Coil - Hellraiser Themes

Coil was an English cross-genre, experimental music group formed in 1982 by John Balance—later credited as "Jhonn Balance"—and his partner Peter Christopherson, aka "Sleazy". The duo worked together on a series of releases before Balance chose the name Coil, which he claimed to be inspired by the omnipresence of the coil's shape in nature. Today, Coil remains one of the most influential and best known industrial music groups.
http://en.wikipedia.org/wiki/Coil_(band)

The Unreleased Themes for Hellraiser (subtitled The Consequences of Raising Hell) was the fourth album that Coil released in the year 1987. The album was released on the CD, cassette and 10″ vinyl. It was the proposed soundtrack to the film Hellraiser, however was turned down because it was not considered commercial enough.
http://en.wikipedia.org/wiki/The_Unreleased_Themes_for_Hellraiser



This is by far my favorite Coil release, if just for the fact that it could have been what accompanied one of the greatest horror movies of all time, until the studio people butted in. Ah well, our loss. At least we can hear what might have been, some of the most melodic sounds from this band ever. There is also a track on 'Gold Is The Metal (With The Broadest Shoulders)' called 'Cardinal Points' that was recorded during these sessions and was meant to appear on the Hellraiser soundtrack, an excellent addition to this stellar landmark.  
jedi4q2
http://www.discogs.com/Coil-Hellraiser-Themes/release/130646

While Clive Barker was writing the story "The Hellbound Heart" that would eventually become Hellraiser, he visited his acquaintances in the experimental music group Coil. Barker was a fan -- he once described Coil as "the only group I've heard on disc, whose records I've taken off because they made my bowels churn." And yes, that was a compliment. The story goes that Coil loaned Barker a stack of extreme bodypiercing magazines that inspired the birth of, you guessed it, Pinhead. Barker later invited Coil to compose the soundtrack for the Hellraiser film. Coil did their magic on the score but, ultimately, the Hollywood studio went with the safe (and far less sinister) sounds of Christopher Young. Of course, Young did a respectable job but, well, it isn't Coil.
David Pescovitz
http://boingboing.net/2011/01/28/coils-hellraiser-the.html 





Coil interviewed in Compulsion magazine (Issue 1, Winter 1992) spoke about the Hellraiser project...
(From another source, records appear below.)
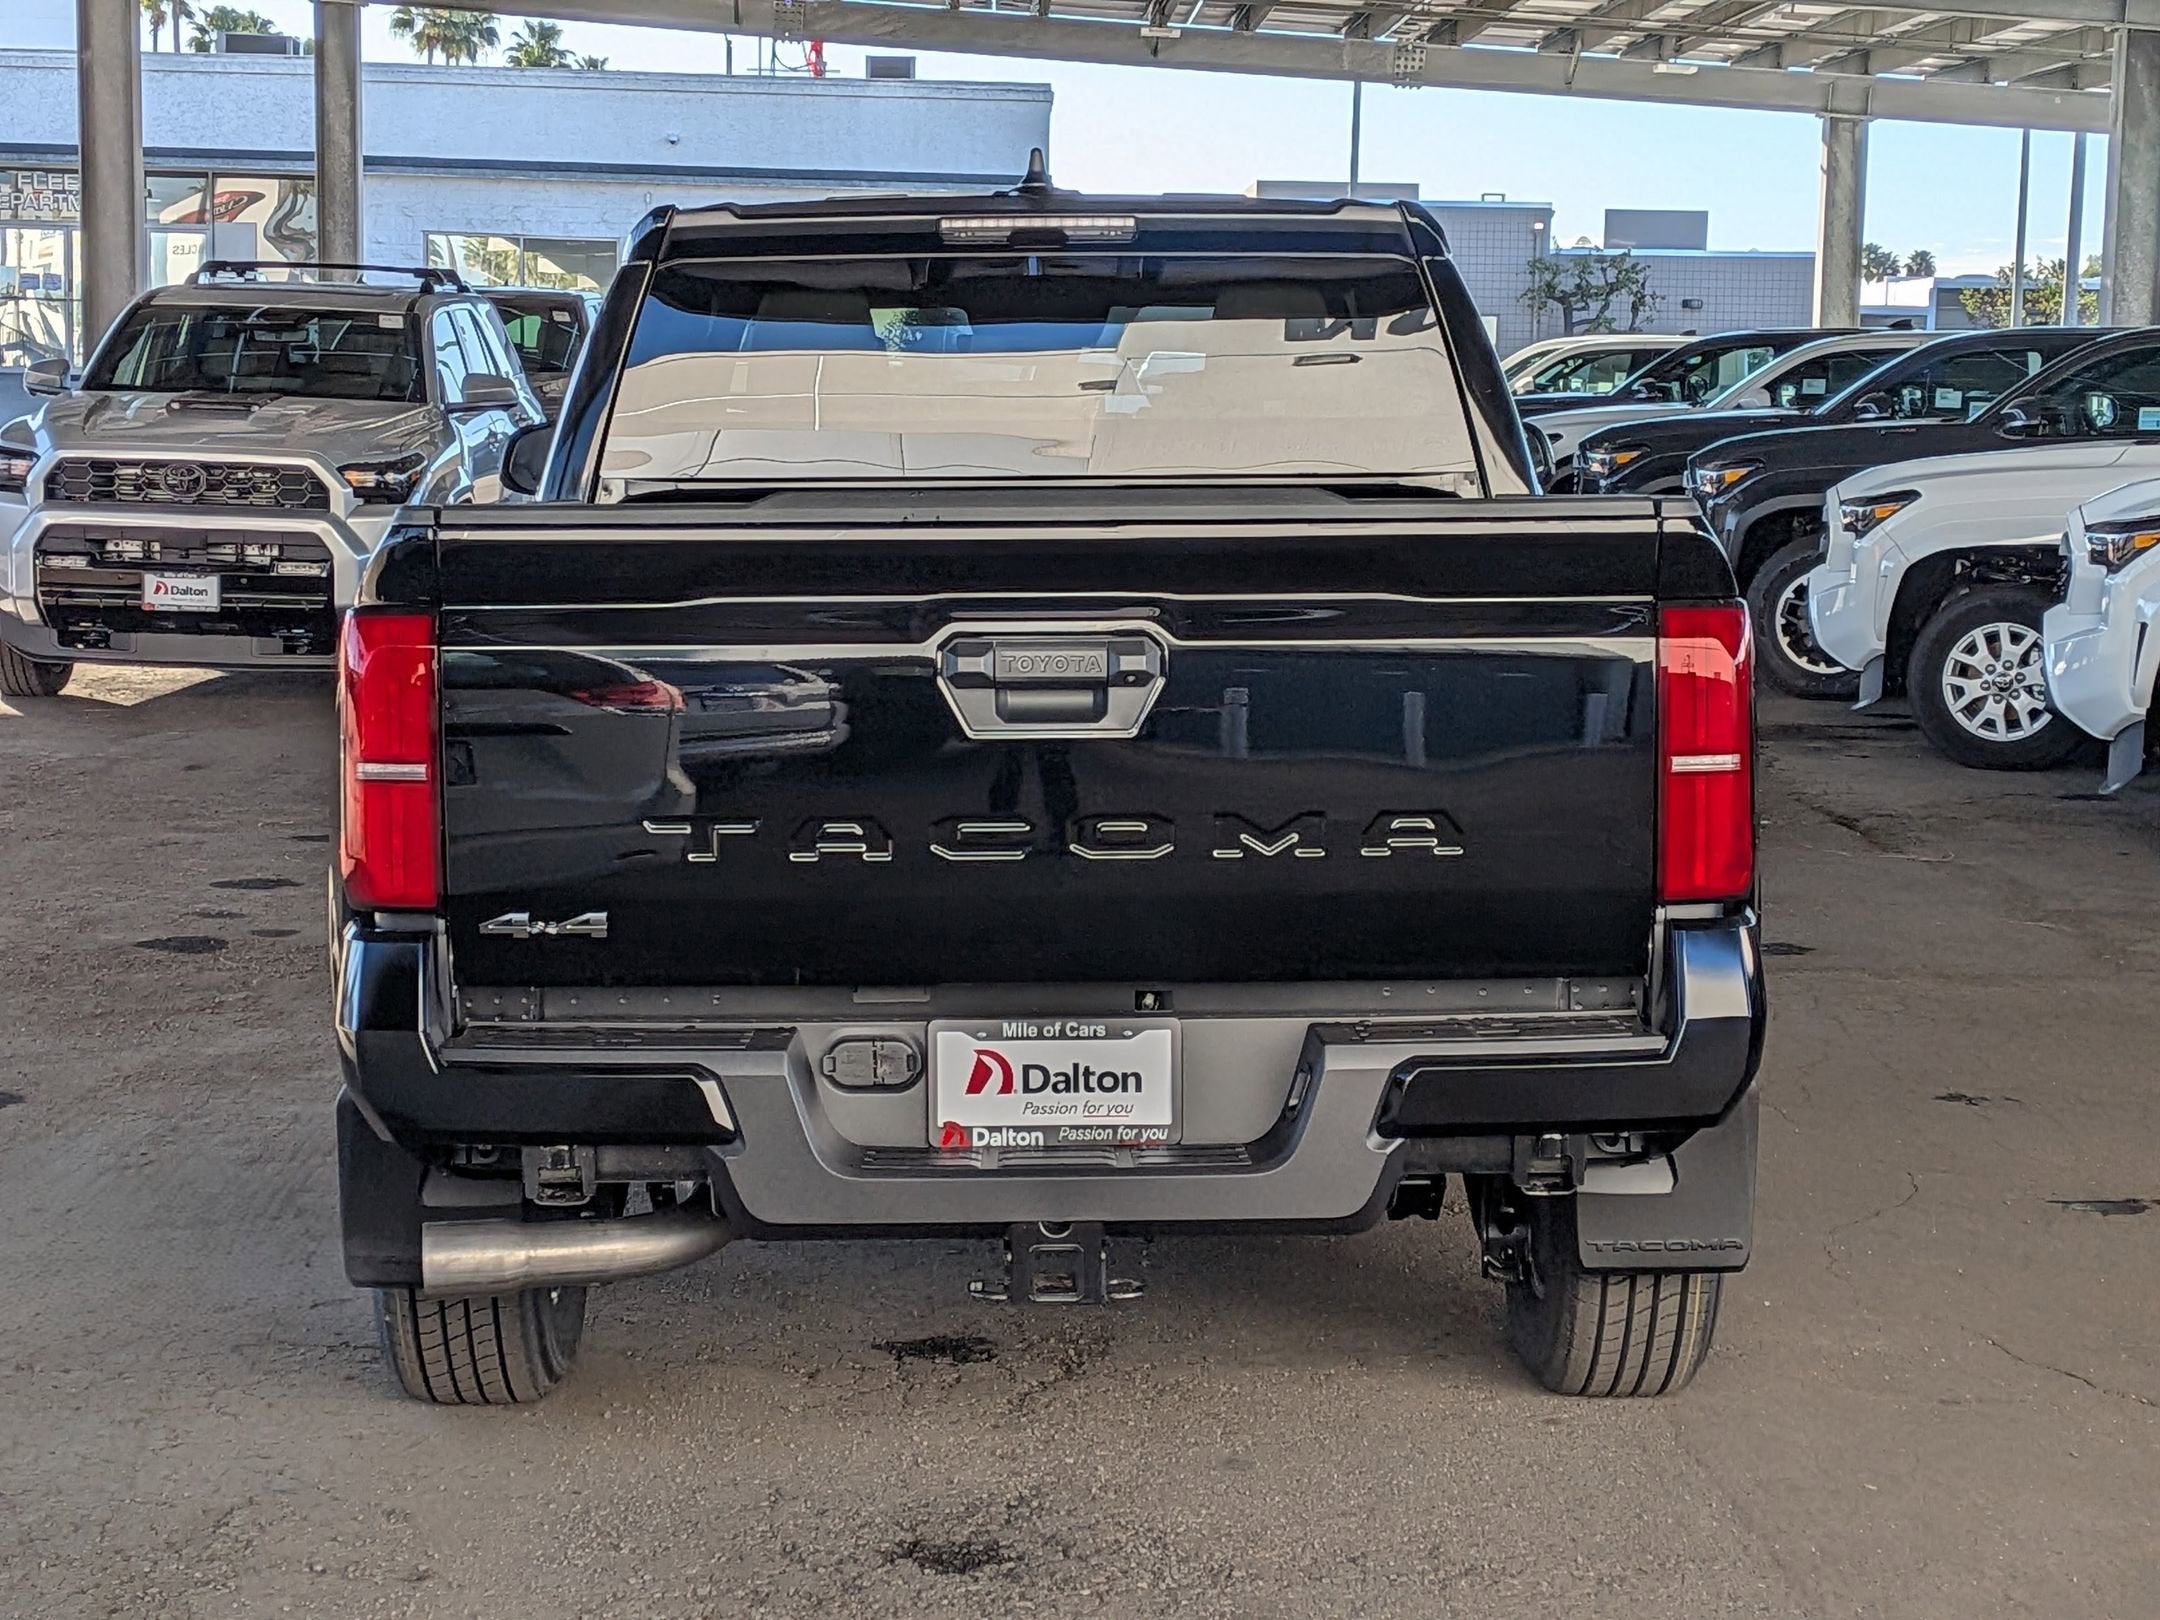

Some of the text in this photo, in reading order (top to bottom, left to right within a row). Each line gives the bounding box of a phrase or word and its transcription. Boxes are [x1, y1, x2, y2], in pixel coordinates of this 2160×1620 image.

[170, 585, 209, 597] Dalton
[1000, 654, 1103, 674] TOYOTA
[642, 811, 1465, 862] TACOMA
[1002, 1021, 1107, 1038] Mile of Cars
[1022, 1062, 1143, 1094] Dalton
[1022, 1099, 1134, 1117] Passion for you
[972, 1127, 1045, 1148] Dalton
[1058, 1125, 1169, 1144] Passion for you
[1585, 1237, 1744, 1253] TACOMA
Regarding Hellraiser, what actually happened? Did Coil pull out or did the financial backers think the music was too weird?

Well we pulled out about 10 minutes before they said we were going to pull out anyway. The thing is we were in right at the very beginning of the project, like Clive Barker was writing a screenplay and he came to our house and took away a load of piercing magazines and things. Which is where they got all the Pinhead stuff from.
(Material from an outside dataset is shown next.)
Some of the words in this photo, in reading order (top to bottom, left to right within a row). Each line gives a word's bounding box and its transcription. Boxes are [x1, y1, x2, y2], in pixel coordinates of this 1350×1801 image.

Apparently, it was quite S/M orientated

Yeah, we saw some original footage which we unfortunately didn't keep but it was really heavy and good, like a sort of twisted English horror film. And then when the Americans saw this footage they thought it was too extreme and they also gave Clive ten times the original money.

It completely changed then

Yeah, so then Clive sort of felt, because it was his first film and with Hollywood being involved it was his gateway to the stars. So they changed the location to America, dubbed all the actors over and took out a lot of the explicit sex.

Did you feel let down about this? It could have been your gateway as well

Yeah, it would have been brilliant but we wouldn't have carried on because they were changing everything and they weren't being very nice to us the actual film people. They were keeping us in the dark a lot. We said we'd had enough just at the same time they decided they wanted to use Howard Shore (sic). They just wanted normal film music. They didn't want anything too scary which is sad and ridiculous for a horror film.